| A promotional programme for Planet of the Apes, where Nari Avari had a role. Nari uses his father’s name, Eric, in professional life.
Darjeeling, Aug. 21: He is the local lad who has made it in Hollywood but sadly the town where Nari Avari grew up cannot watch his exploits on the big screen as the curtains have come down on both theatres, ironically once owned by his family.
Nari’s father Eric Avari owned Rink Cinema and Capitol Hall, the only theatres in Darjeeling, until 1984 when he sold them off and headed for New York.
Nari, his youngest son, who always had a penchant for acting, started off in small stage and TV shows and finally made it big in Hollywood blockbusters like Mummy, where he plays the librarian, and other movies like Planet of the Apes, Stargate, Sandler’s Deed, Beast of War and 13 Warriors.
The Avari family had owned Rink Cinema since the early 1900s and in 1921, they took Capitol Hall on lease from Darjeeling municipality.

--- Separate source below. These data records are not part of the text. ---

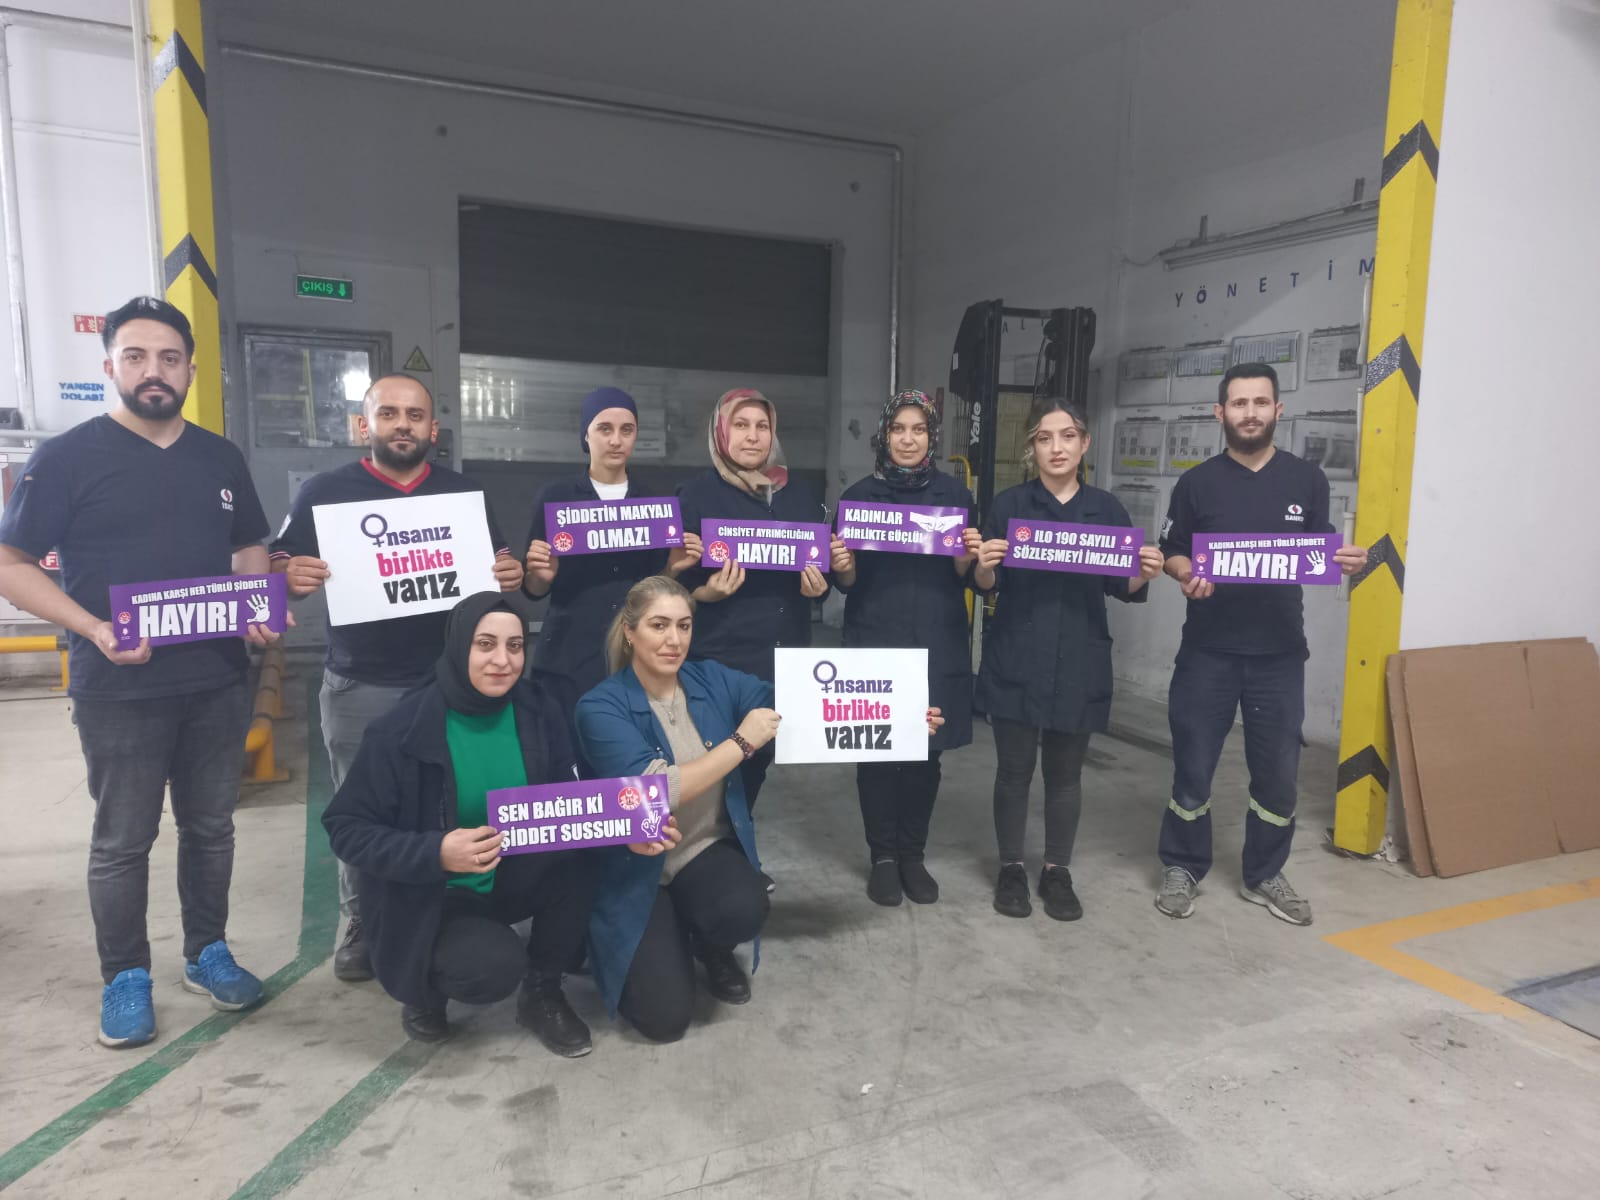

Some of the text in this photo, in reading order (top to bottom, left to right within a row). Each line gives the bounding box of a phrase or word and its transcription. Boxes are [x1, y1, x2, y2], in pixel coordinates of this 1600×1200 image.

[302, 281, 334, 294] ÇIKIŞ
[1175, 256, 1375, 307] YÖNETİM
[58, 382, 104, 391] YANGIN
[61, 393, 104, 401] DOLABI
[970, 401, 981, 446] Yale
[556, 504, 673, 528] ŞİDDETİN MAKYAJI
[845, 508, 902, 524] KADINLAR
[587, 526, 650, 550] OLMAZ!
[718, 526, 815, 540] CİNSİYET AYRIMCILIĞINA
[844, 526, 886, 540] BİRLİKTE
[1034, 530, 1053, 544] ILO
[1056, 532, 1078, 545] 190
[1080, 534, 1116, 548] SAYILI
[1236, 540, 1256, 550] KARŞI
[1258, 540, 1271, 548] HER
[1272, 538, 1295, 547] TÜRLÜ
[1296, 538, 1325, 548] ŞİDDETE
[376, 549, 454, 577] birlikte
[738, 542, 796, 565] HAYIR!
[1013, 544, 1133, 568] SÖZLEŞMEYİ İMZALA!
[1212, 551, 1299, 580] HAYIR!
[164, 588, 189, 600] KARŞI
[190, 586, 205, 596] HER
[206, 582, 233, 594] TÜRLÜ
[234, 579, 268, 593] ŞİDDETE
[383, 571, 460, 604] varız
[138, 601, 238, 638] HAYIR!
[822, 698, 890, 722] birlikte
[825, 724, 892, 750] varız
[498, 793, 604, 824] SEN BAĞIR Kİ
[501, 818, 632, 852] ŞİDDET SUSSUN!
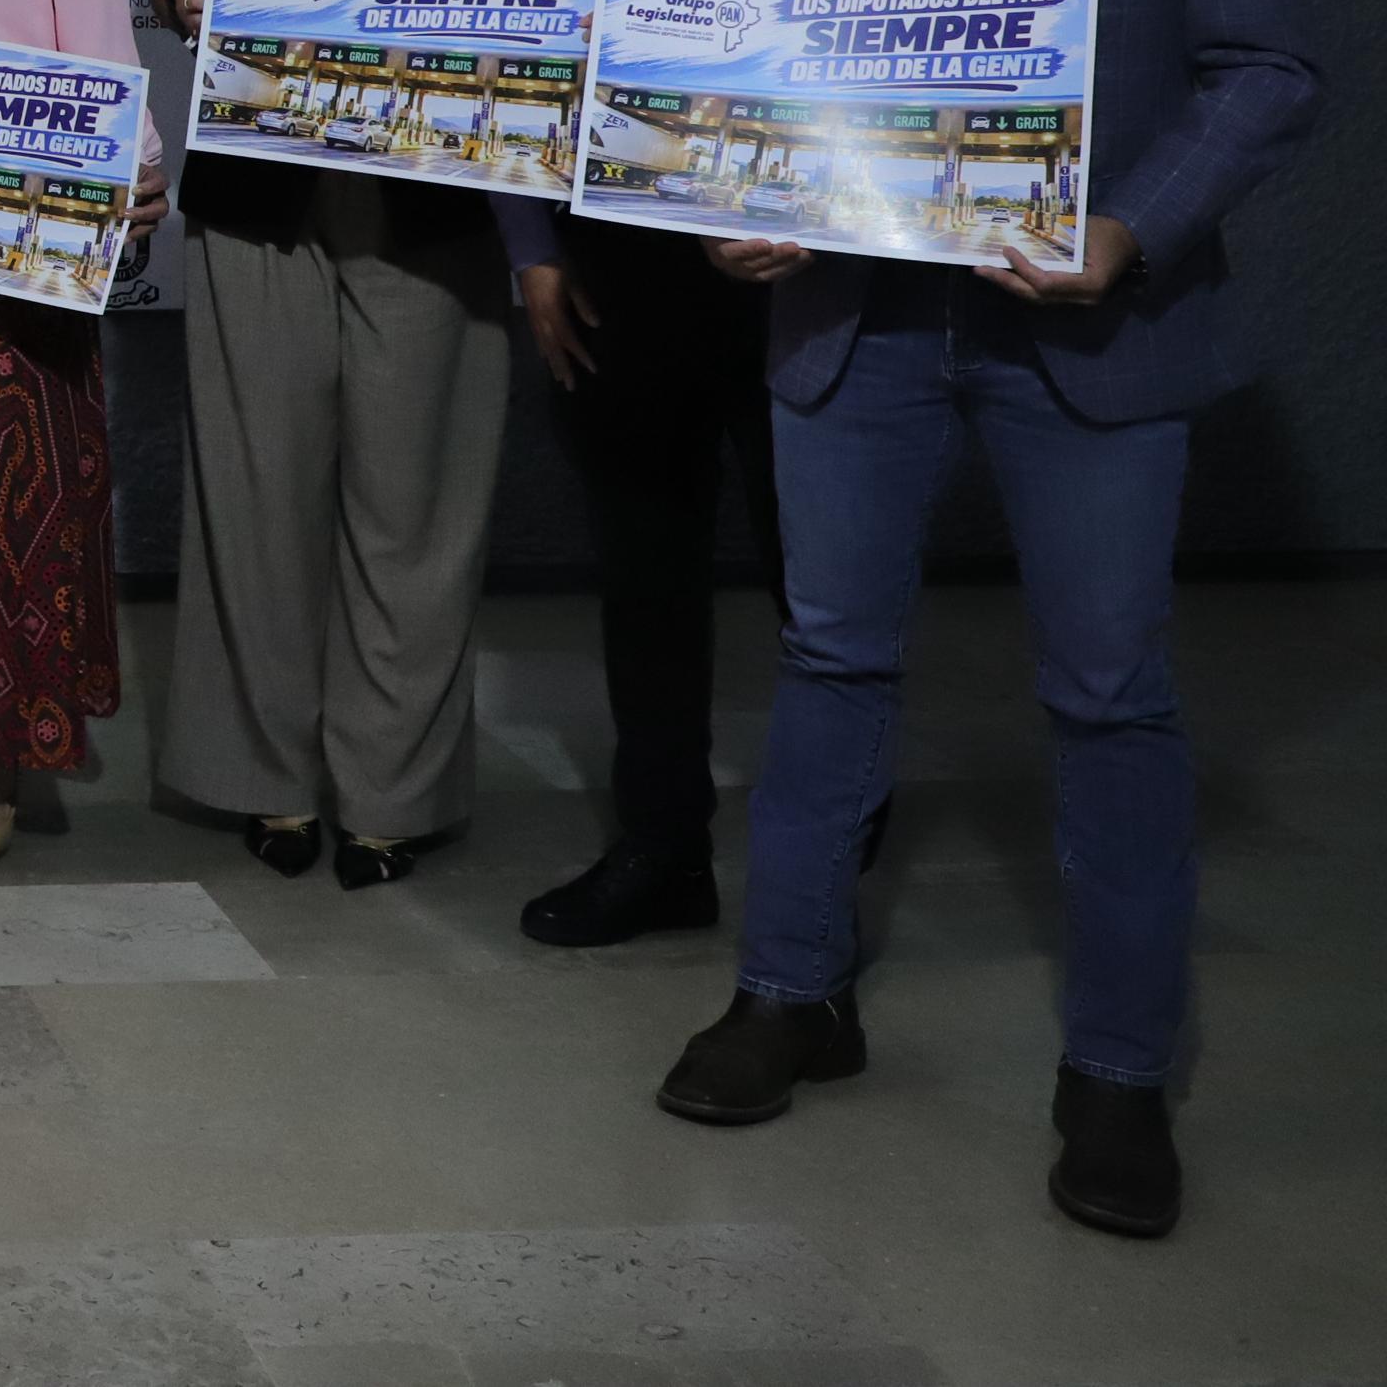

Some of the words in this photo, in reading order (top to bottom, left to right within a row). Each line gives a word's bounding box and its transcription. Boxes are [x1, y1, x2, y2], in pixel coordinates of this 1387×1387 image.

When the family left Darjeeling in 1984, the halls passed over to the Gargs.
That unfortunately was the time when cinemas across the country came up against stiff competition from television, which only worsened with the arrival of satellite channels, spelling the doom for several theatres.
Faced with bleak business, the Garg family dismantled the Rink two years ago and in its place, a swanky shopping complex, with two mini-theatres, is likely to come up by March 2004. The Capitol stopped screening films a few years ago and now stages musical shows.
Nari’s friends in Darjeeling like Rabin Subba, the director of Himali Boarding School, rue not being able to watch him in action on the big screen and that at the very place where he spent his childhood and youth.
“Though Nari has made a mark in Hollywood, which people from the hills can only dream of, he has been forgotten in his own town,” says Subba, who blames the lack of cinemas for the ignorance. Subba and Nari, who passed out of St Joseph’s School in 1969 and then joined St Joseph’s College, acted together in many plays during their student days.
“Nari was always a good actor and I remember him playing Mark Anthony in Julius Caesar in school. In college, we had acted together in Beckett, with Nari playing King John while I was cast in the title role,” says Subba. “We again acted together in Anthony Schaffer’s Sleuth.”
Nari had formed a theatre group in Darjeeling called Polaris in the early 70s and had conducted drama workshops in Darjeeling.
His friends, though few in number, remember him as a good actor and a good sportsman who had captained his school cricket team. “He was really fond of this place, but then destiny had different things in store for him,” says Subba. Nari has not come to Darjeeling since.